Pam Laffin was one of the growing number of young women who suffer and die from tobacco use at a remarkably younger age than most people imagine. Pam started smoking when she was 10 years old, endured asthma and bronchitis as a teen, was diagnosed with emphysema and had a lung transplant at age 24. When Pam realized how very ill she was, she dedicated herself to telling about the problems with tobacco. She appeared in several television segments and spoke in many schools. The medicines she would have to take for the rest of her life gave her “a fat face” and a hump on her back.

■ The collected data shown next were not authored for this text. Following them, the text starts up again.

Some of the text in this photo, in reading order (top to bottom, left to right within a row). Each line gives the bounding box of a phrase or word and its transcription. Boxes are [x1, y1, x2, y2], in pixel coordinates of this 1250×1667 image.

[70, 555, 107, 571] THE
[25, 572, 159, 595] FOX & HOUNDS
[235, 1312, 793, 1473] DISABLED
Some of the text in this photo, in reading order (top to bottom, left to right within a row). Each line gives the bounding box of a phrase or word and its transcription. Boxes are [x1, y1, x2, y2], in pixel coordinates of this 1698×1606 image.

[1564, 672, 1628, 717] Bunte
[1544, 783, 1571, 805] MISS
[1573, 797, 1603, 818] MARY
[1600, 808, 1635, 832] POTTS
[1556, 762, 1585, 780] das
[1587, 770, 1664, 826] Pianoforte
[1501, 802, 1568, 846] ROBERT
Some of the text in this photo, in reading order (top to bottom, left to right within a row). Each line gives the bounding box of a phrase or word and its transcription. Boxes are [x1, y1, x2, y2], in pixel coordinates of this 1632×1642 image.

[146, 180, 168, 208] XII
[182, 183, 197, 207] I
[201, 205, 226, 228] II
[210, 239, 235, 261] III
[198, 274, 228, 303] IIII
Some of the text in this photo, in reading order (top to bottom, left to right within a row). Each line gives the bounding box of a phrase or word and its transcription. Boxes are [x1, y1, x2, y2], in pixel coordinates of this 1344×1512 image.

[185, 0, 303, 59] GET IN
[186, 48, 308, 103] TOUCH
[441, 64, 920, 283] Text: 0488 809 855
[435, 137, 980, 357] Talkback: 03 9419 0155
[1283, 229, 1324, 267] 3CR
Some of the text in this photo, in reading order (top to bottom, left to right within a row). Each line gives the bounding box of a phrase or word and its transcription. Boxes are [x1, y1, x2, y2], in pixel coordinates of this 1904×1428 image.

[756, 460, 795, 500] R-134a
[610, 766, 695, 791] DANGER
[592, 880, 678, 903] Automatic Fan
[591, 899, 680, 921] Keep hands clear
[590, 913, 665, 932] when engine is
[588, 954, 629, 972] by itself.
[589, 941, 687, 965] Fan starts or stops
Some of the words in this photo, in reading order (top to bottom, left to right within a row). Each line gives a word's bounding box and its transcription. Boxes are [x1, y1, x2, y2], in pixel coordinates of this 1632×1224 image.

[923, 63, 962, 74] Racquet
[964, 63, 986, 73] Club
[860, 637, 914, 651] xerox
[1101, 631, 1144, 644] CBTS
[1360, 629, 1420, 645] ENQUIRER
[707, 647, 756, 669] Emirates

Here’s how Pam explained her reason for starting to smoke:

“I saw the movie Grease…and I saw how the character Sandy moved to a new town and was having trouble making friends and then she started smoking and everyone was her friend. So I said, “Ah, that could be a good way to do it.” If someone had given me a crystal ball and said, “Look, this is what’s going to happen” of course I would not have smoked. I had no idea. It didn’t impress anybody that I smoked… and so it didn’t help me in any way that I thought it would and instead it just hurt me in a lot of ways that I never thought would happen.”

Pam would end each school presentation with advice that is valid for anyone who is thinking about smoking a cigarette at anytime:

“Take two minutes; think about everything you have in your life… everything that’s important to you.”

Pam was just 31 years old when she died while awaiting a second lung transplant, leaving two young daughters.